I am a huge fan of Phil Foden, and I - more than anyone! - really hope that he has turned a corner this season, that he has ironed something out in his relationship with Pep that has restored his confidence, and that he is going to continue now to play with the effervescence he showed last Sunday. But that hope is still fragile. Phil thrived on the security of being an almost invariable starter for most of last season, in DeBruyne's absence, and on being given the responsibility of being the club's primary playmaker. And he thrives on being able to play in central areas as a highly mobile No. 10. If Pep is going to constantly swap his starting position around, and mostly ask him to play out wide on one of the flanks, I fear this new flowering of goalscoring form may soon wither again.

And I think it may be unreasonable to expect Omar Marmoush to be The Messiah to redeem City.

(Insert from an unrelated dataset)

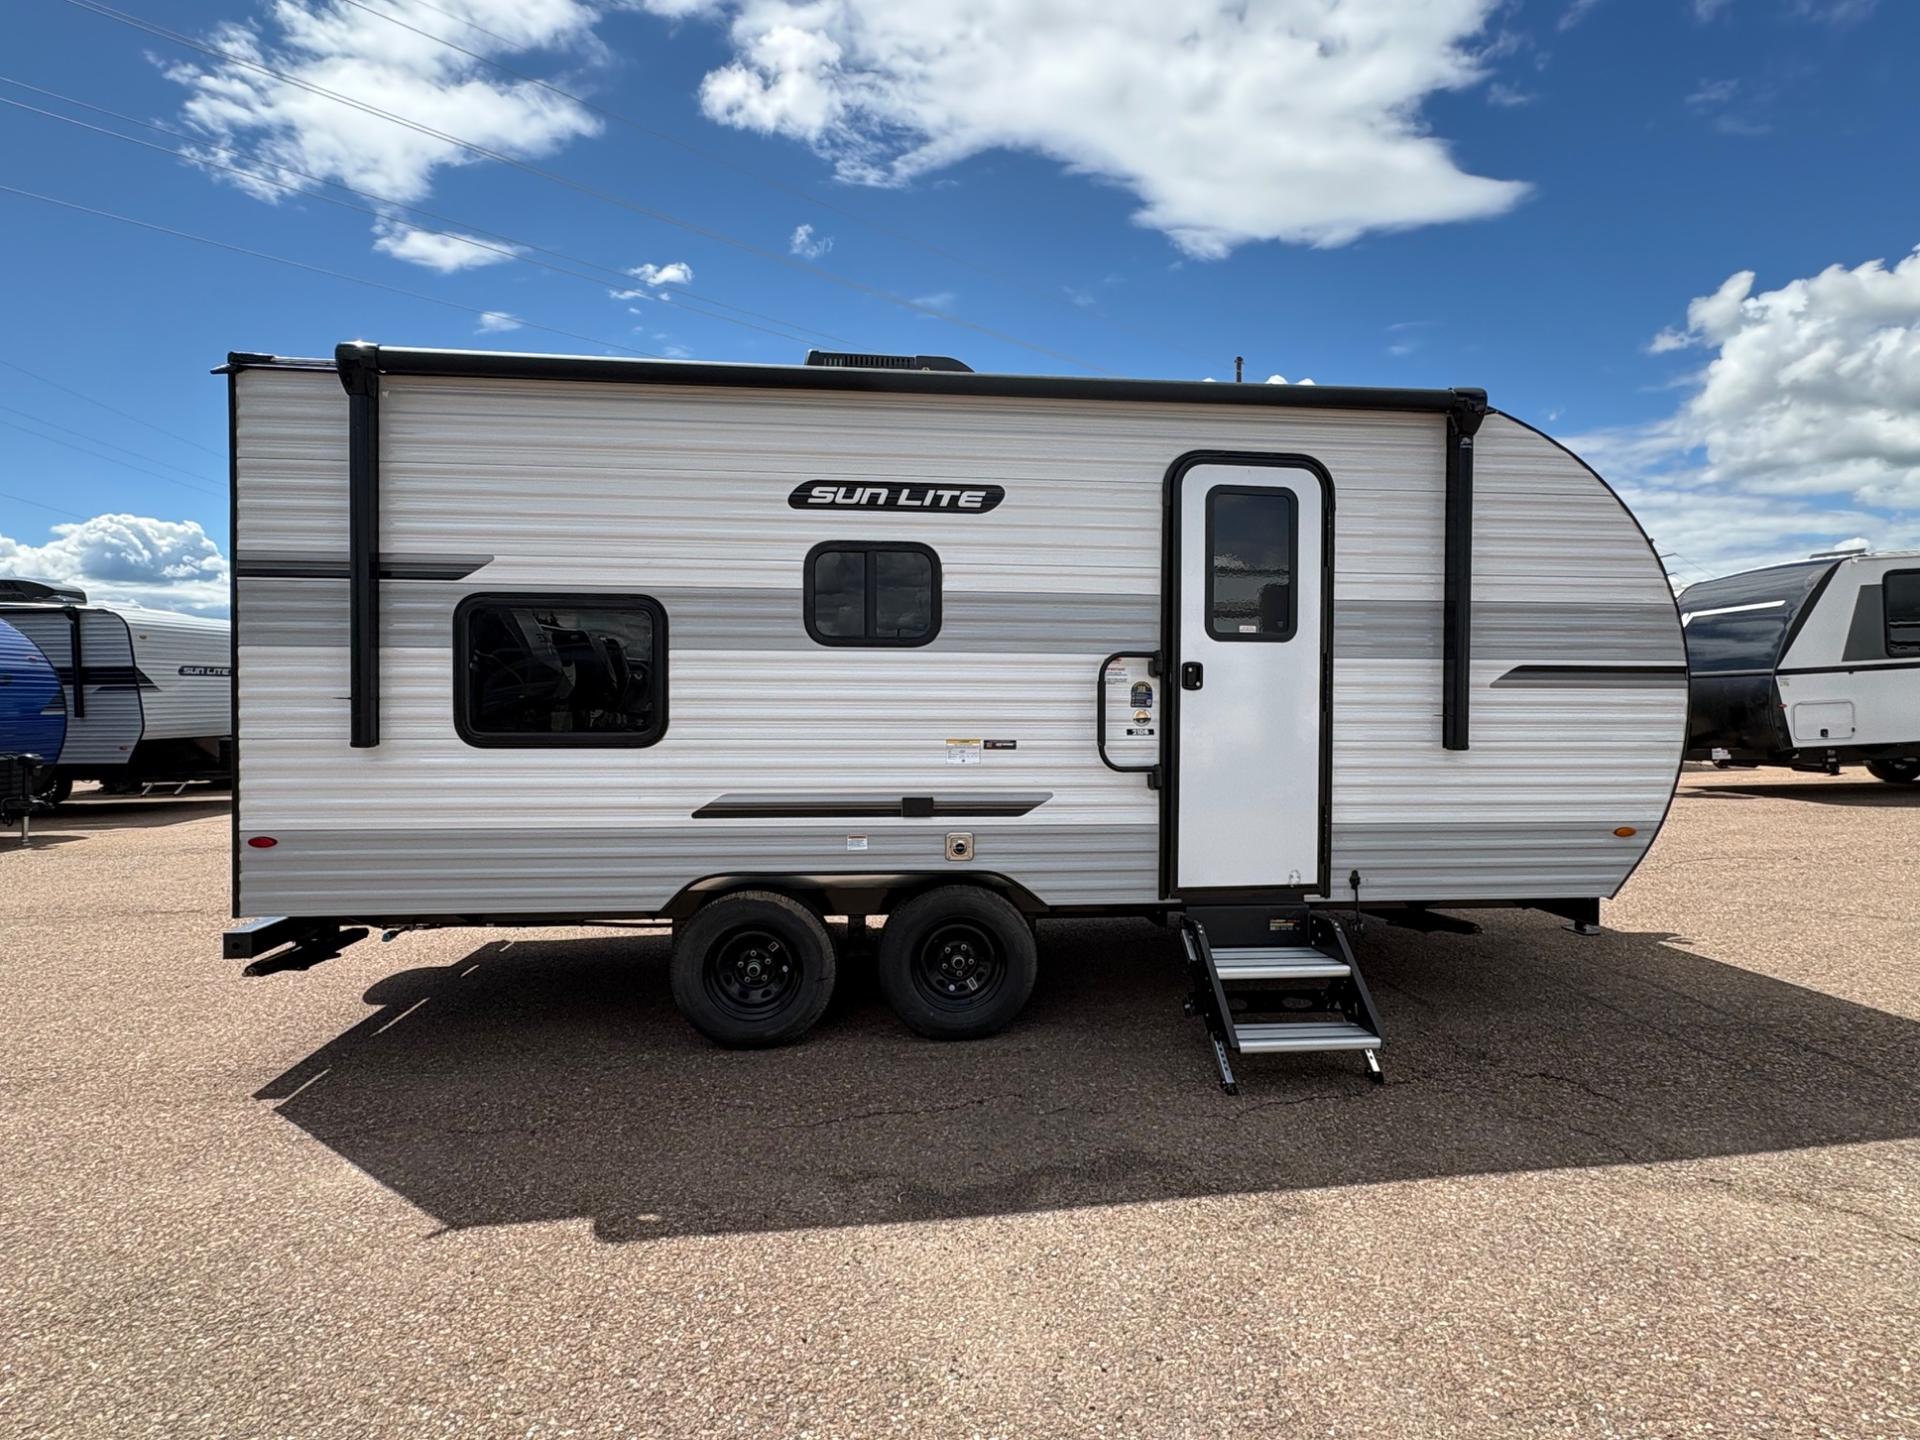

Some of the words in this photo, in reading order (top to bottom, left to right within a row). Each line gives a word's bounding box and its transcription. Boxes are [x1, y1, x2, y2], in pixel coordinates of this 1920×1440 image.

[807, 486, 889, 505] SUN
[896, 488, 987, 508] LITE
[183, 667, 204, 675] SUN
[207, 668, 230, 676] LITE

He has not been an especially prolific scorer (apart from one very hot streak for Frankfurt earlier this season); in fact, until he moved to Frankfurt just under 18 months ago, he was almost entirely unacquainted with the goal. And, you know, the Bundesliga isn't exactly the same level of competition as the Premier League: even its top clubs would probably struggle against most of our leading teams; the majority of teams in that league would struggle in the Championship.

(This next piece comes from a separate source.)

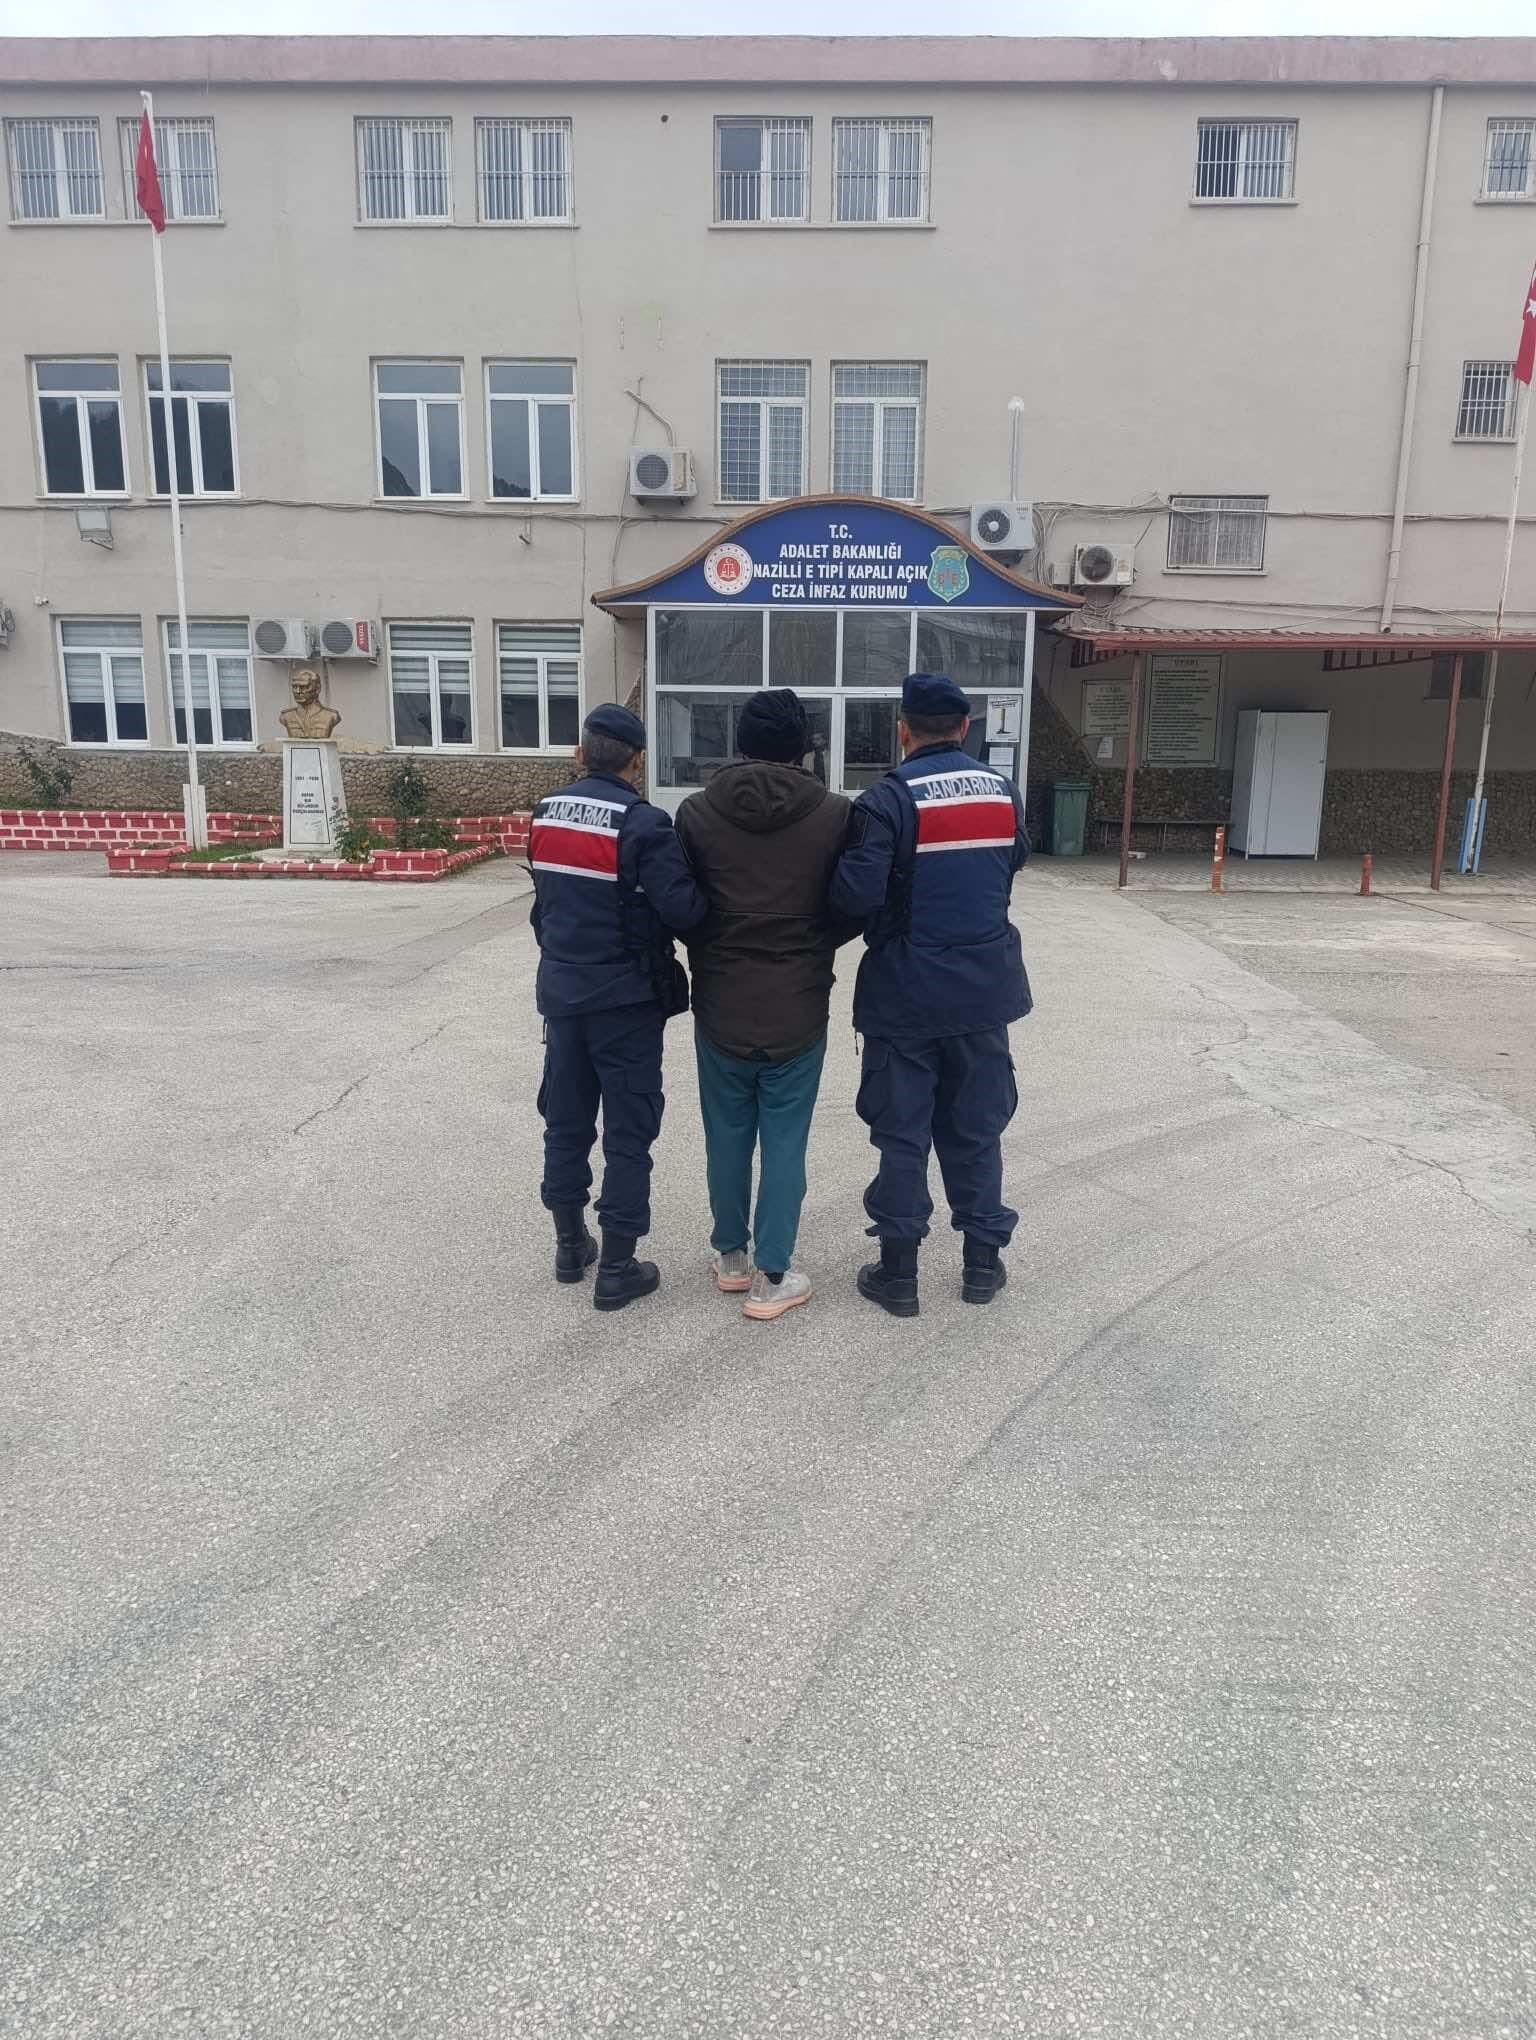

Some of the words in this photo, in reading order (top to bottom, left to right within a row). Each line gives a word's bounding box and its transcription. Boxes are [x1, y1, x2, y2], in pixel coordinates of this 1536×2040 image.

And, ahem, City now have one of the toughest runs of fixtures coming up that any side - certainly any top side - has to face in the second half of the season (along with two crunch games to try to avoid the ignominy of Champions League elimination at the group stage... and the dear old FA Cup). They might have a real struggle for points from now until some time in March: Chelsea, Arsenal, Newcastle, Liverpool, Spurs (terrible at the moment; but a bogey team for City in recent years), and Nottingham Forest is an horrendous sequencc. Brighton, Manchester United and Crystal Palace - and a fighting-for-their-lives Leicester - might not be a pushover after that either. The way City were playing up until a few weeks ago, it would not have been outrageous to suggest they might lose all of them. And I'm afraid I still think it's very likely they'll lose at least half of them.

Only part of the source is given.